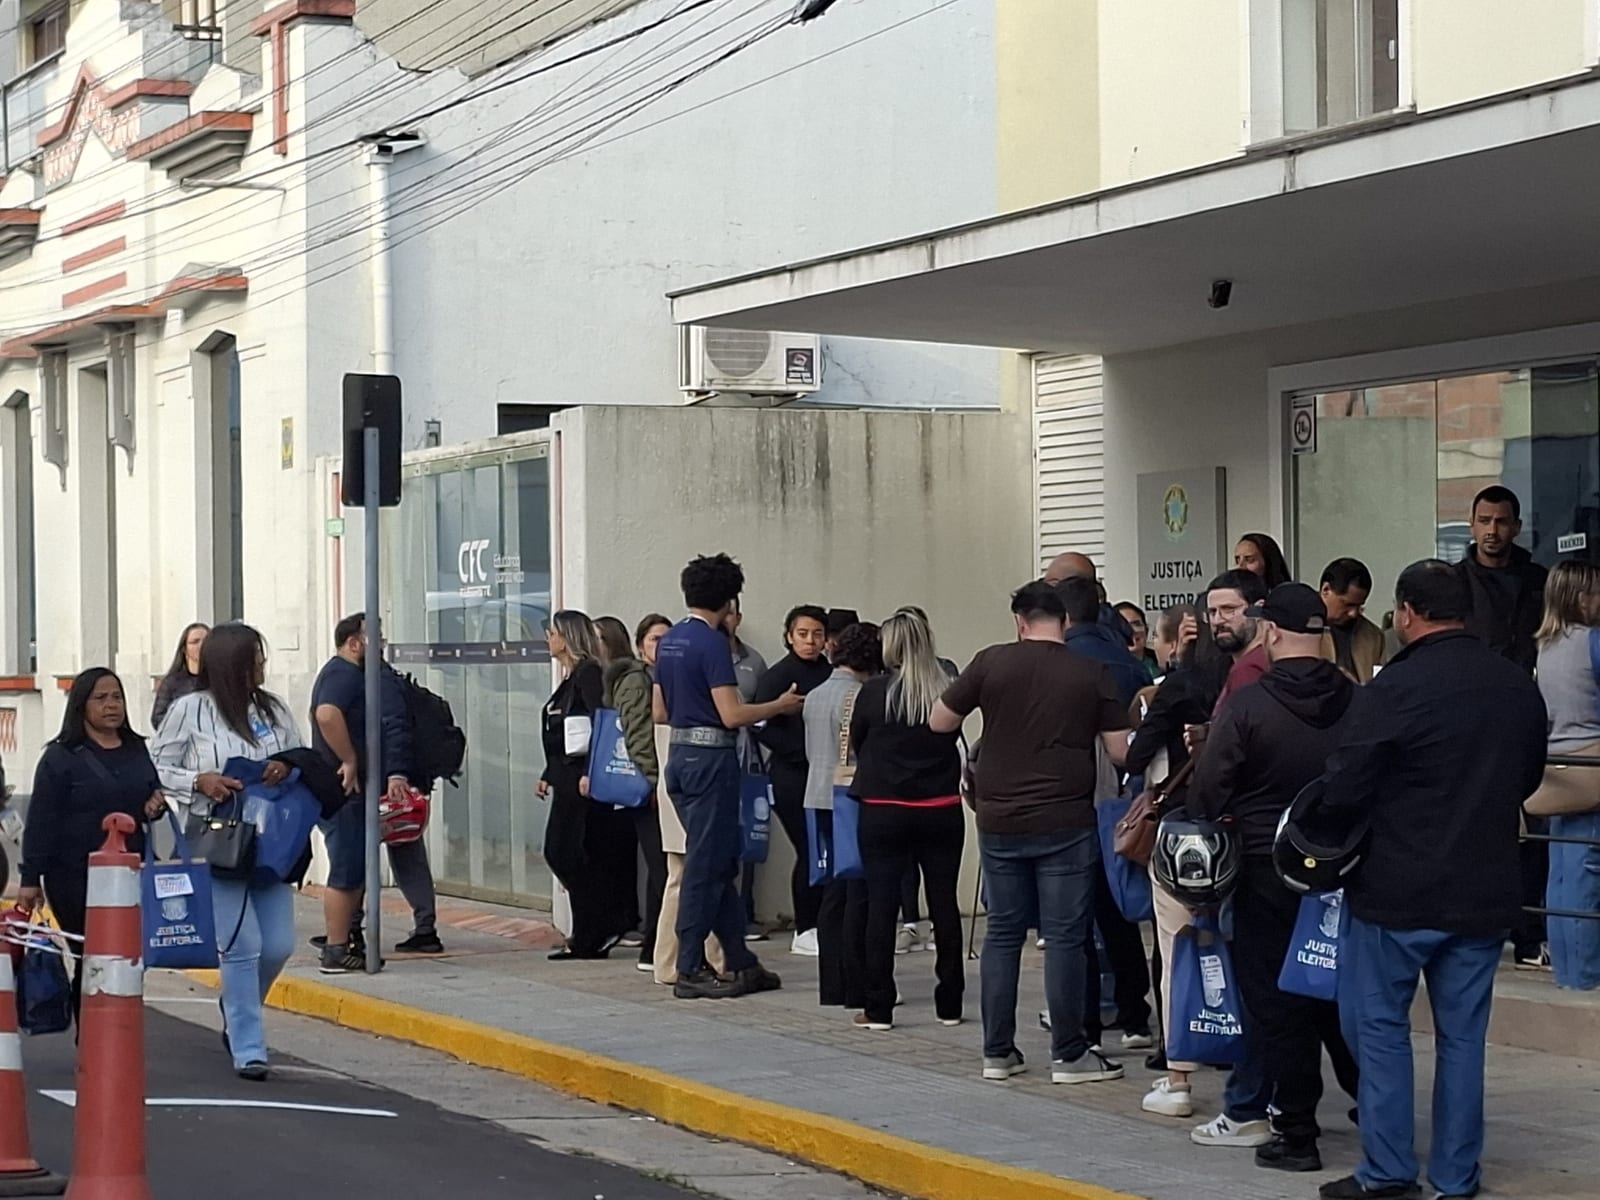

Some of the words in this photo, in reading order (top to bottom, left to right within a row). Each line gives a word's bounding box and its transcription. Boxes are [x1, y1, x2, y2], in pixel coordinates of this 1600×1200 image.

[458, 539, 490, 583] CFC
[1150, 559, 1203, 581] JUSTIÇA
[1144, 592, 1203, 611] ELEITOR
[1304, 938, 1338, 958] JUSTIÇ
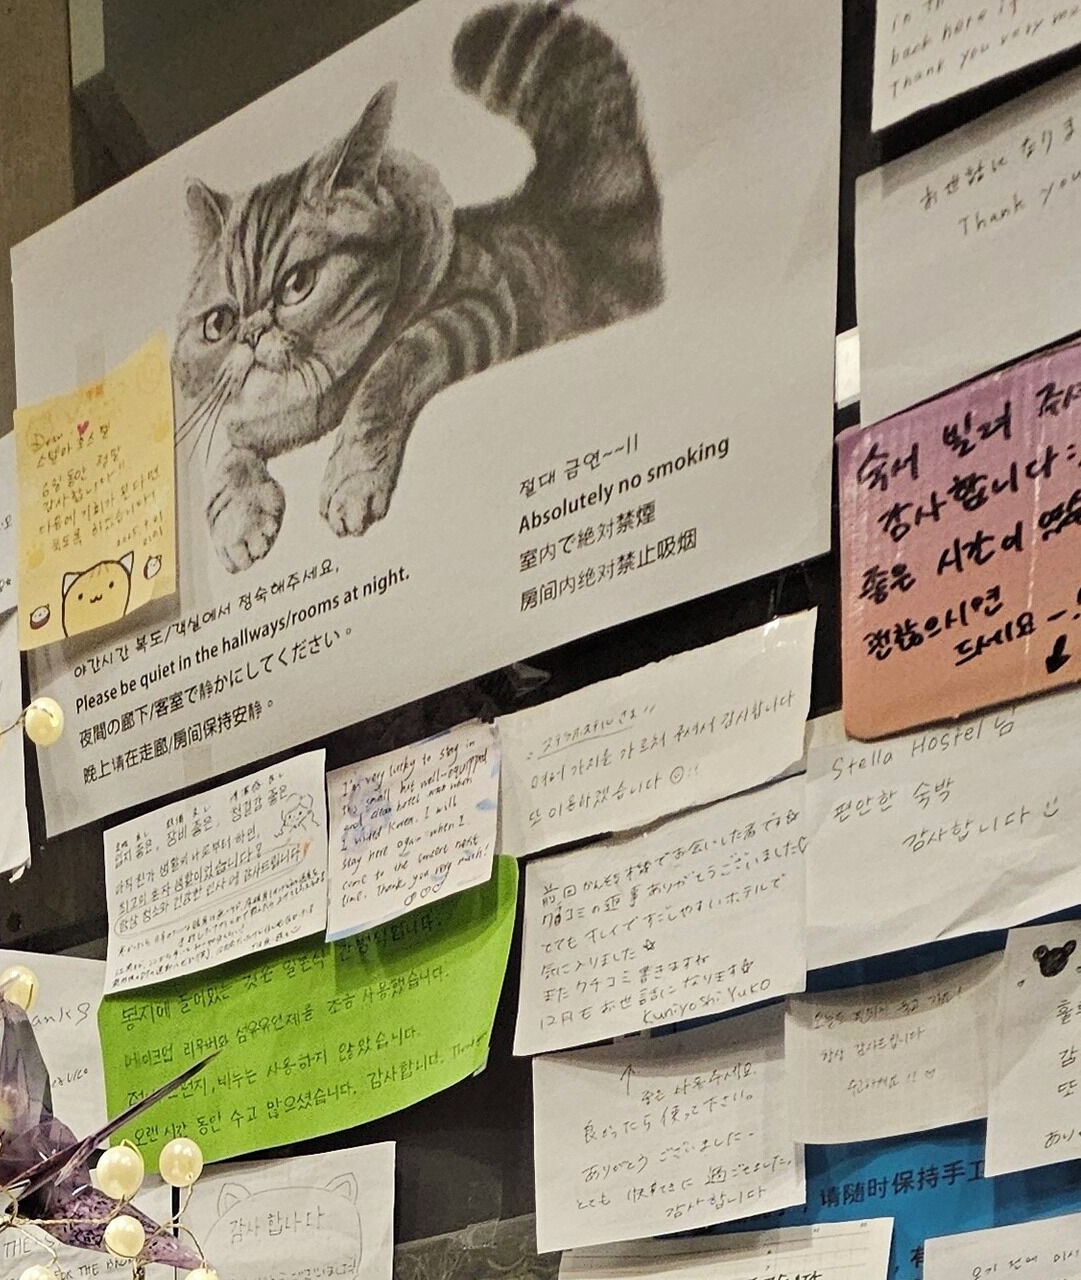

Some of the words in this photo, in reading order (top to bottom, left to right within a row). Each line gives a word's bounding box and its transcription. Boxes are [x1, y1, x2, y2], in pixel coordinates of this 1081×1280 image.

[958, 193, 1025, 235] Thank
[519, 484, 613, 534] Absolutely
[618, 474, 641, 494] no
[647, 438, 730, 483] smoking
[520, 470, 555, 498] 절대
[520, 500, 656, 572] 室内で絶対禁煙
[520, 528, 697, 612] 房间内绝对禁止吸烟
[73, 645, 129, 678] 야간시간
[135, 604, 231, 652] 복도/객실에서
[75, 684, 117, 714] Please
[120, 676, 137, 696] be
[141, 660, 175, 691] quiet
[179, 654, 192, 673] in
[195, 645, 218, 667] the
[222, 595, 339, 654] hallways/rooms
[344, 588, 359, 605] at
[362, 566, 410, 601] night.
[832, 749, 893, 780] Stella
[912, 719, 983, 757] Hostel
[833, 789, 897, 823] 편안한
[912, 777, 955, 809] 숙박
[902, 805, 1030, 852] 감사합니다
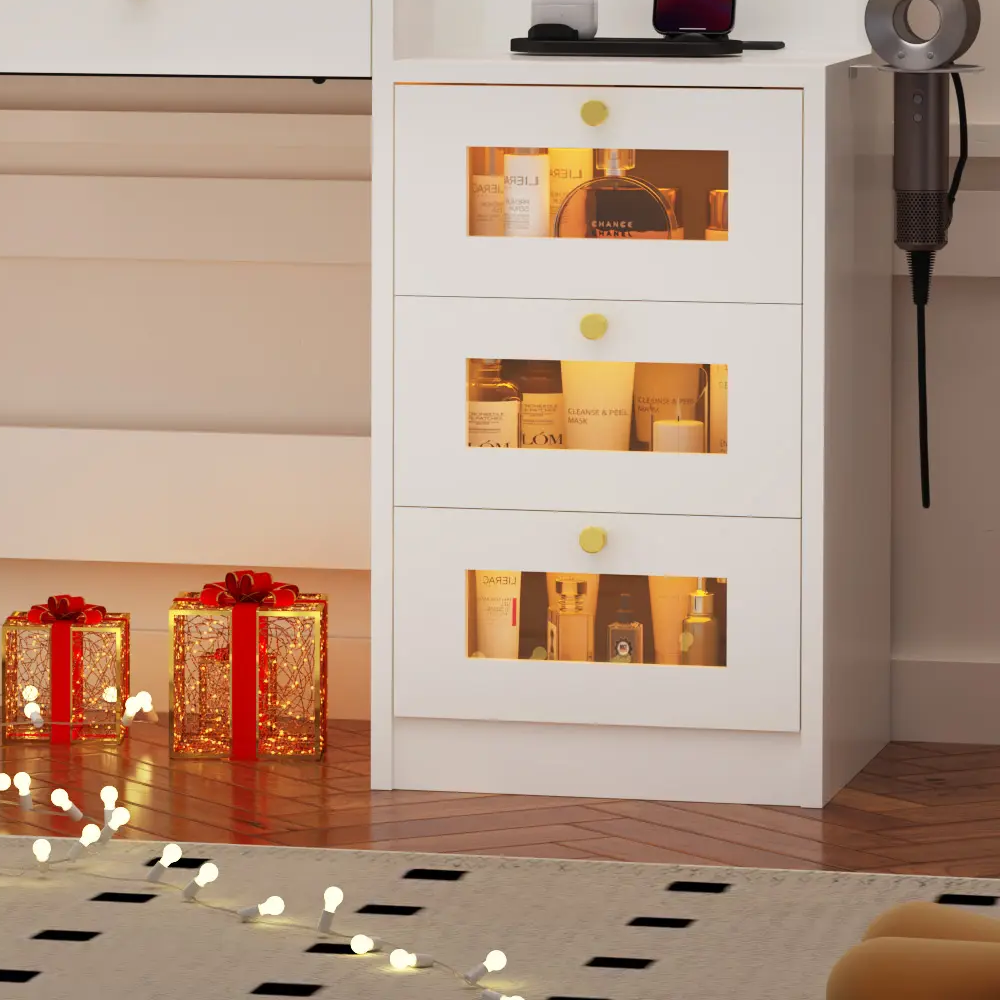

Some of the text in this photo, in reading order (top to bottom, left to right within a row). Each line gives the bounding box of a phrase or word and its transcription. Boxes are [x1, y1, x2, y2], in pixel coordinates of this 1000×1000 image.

[591, 220, 633, 228] CHANCE
[567, 407, 600, 416] CLEANSE
[609, 408, 629, 416] PEEL
[567, 417, 588, 425] MASK
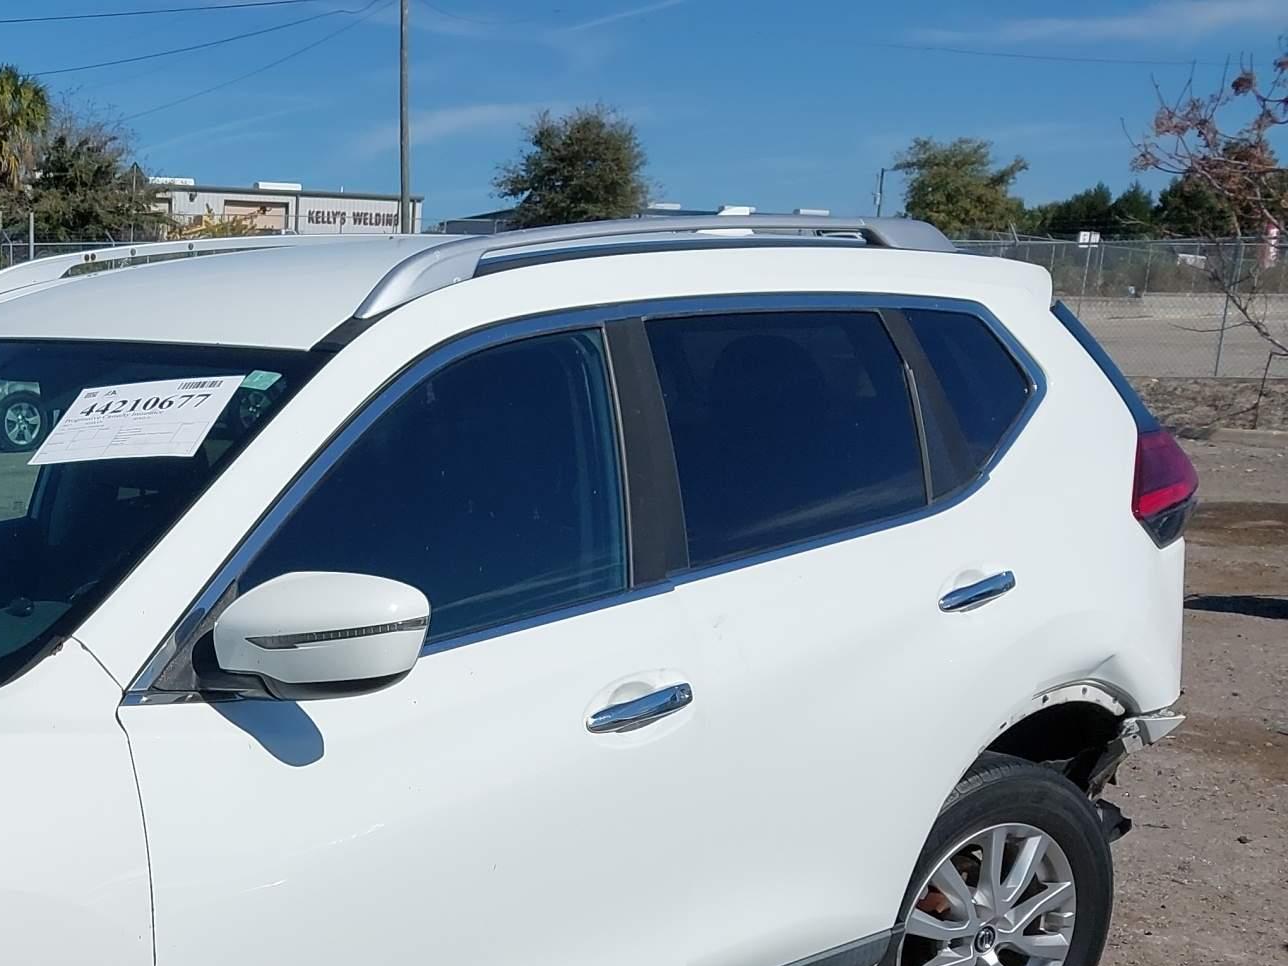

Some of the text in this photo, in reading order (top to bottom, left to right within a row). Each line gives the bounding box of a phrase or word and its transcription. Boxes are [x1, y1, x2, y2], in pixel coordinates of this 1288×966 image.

[307, 210, 399, 227] KELLY'S WELDING
[80, 393, 212, 416] 44210677
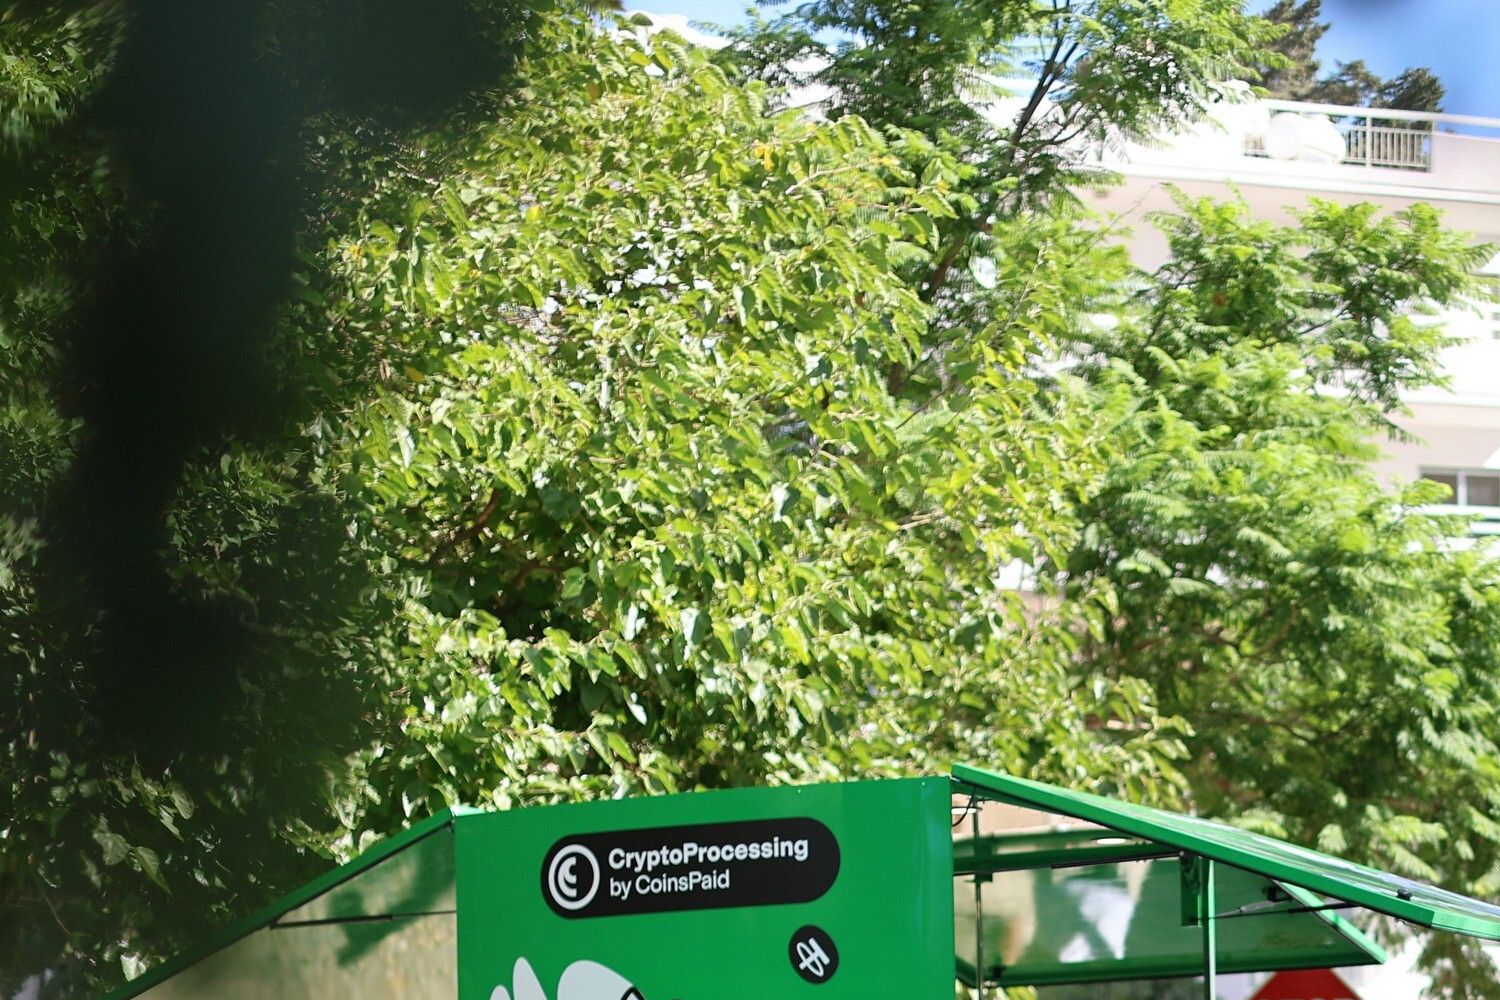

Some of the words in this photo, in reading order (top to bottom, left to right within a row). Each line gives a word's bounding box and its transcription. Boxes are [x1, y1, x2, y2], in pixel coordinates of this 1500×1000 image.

[608, 836, 809, 873] CryptoProcessing
[610, 876, 632, 900] by
[635, 868, 730, 895] CoinsPaid

++++

Apart from the images, print all the material above exactly as given.

◆ SOLUTION FOR THIS TASK ◆
Some of the words in this photo, in reading order (top to bottom, left to right within a row). Each line gives a word's bounding box and its transcription. Boxes are [x1, y1, x2, y2], in pixel coordinates of this 1600×1200 image.

[458, 539, 490, 583] CFC
[1150, 559, 1203, 581] JUSTIÇA
[1144, 592, 1203, 611] ELEITOR
[1304, 938, 1338, 958] JUSTIÇ

Some of the words in this photo, in reading order (top to bottom, left to right within a row). Each line gives a word's bounding box and its transcription. Boxes are [x1, y1, x2, y2], in pixel coordinates of this 1081×1280 image.

[958, 193, 1025, 235] Thank
[519, 484, 613, 534] Absolutely
[618, 474, 641, 494] no
[647, 438, 730, 483] smoking
[520, 470, 555, 498] 절대
[520, 500, 656, 572] 室内で絶対禁煙
[520, 528, 697, 612] 房间内绝对禁止吸烟
[73, 645, 129, 678] 야간시간
[135, 604, 231, 652] 복도/객실에서
[75, 684, 117, 714] Please
[120, 676, 137, 696] be
[141, 660, 175, 691] quiet
[179, 654, 192, 673] in
[195, 645, 218, 667] the
[222, 595, 339, 654] hallways/rooms
[344, 588, 359, 605] at
[362, 566, 410, 601] night.
[832, 749, 893, 780] Stella
[912, 719, 983, 757] Hostel
[833, 789, 897, 823] 편안한
[912, 777, 955, 809] 숙박
[902, 805, 1030, 852] 감사합니다

Some of the text in this photo, in reading order (top to bottom, left to right within a row). Each line gives the bounding box of a phrase or word and its transcription. Boxes are [x1, y1, x2, y2], in pixel coordinates of this 1000×1000 image.

[591, 220, 633, 228] CHANCE
[567, 407, 600, 416] CLEANSE
[609, 408, 629, 416] PEEL
[567, 417, 588, 425] MASK

Some of the text in this photo, in reading order (top to bottom, left to right within a row). Each line gives the bounding box of a phrase or word and its transcription. Boxes are [x1, y1, x2, y2], in pixel coordinates of this 1288×966 image.

[307, 210, 399, 227] KELLY'S WELDING
[80, 393, 212, 416] 44210677

Some of the words in this photo, in reading order (top to bottom, left to right within a row). Each line gives a word's bounding box and its transcription. Boxes are [x1, y1, x2, y2], in pixel coordinates of this 1500×1000 image.

[608, 836, 809, 873] CryptoProcessing
[610, 876, 632, 900] by
[635, 868, 730, 895] CoinsPaid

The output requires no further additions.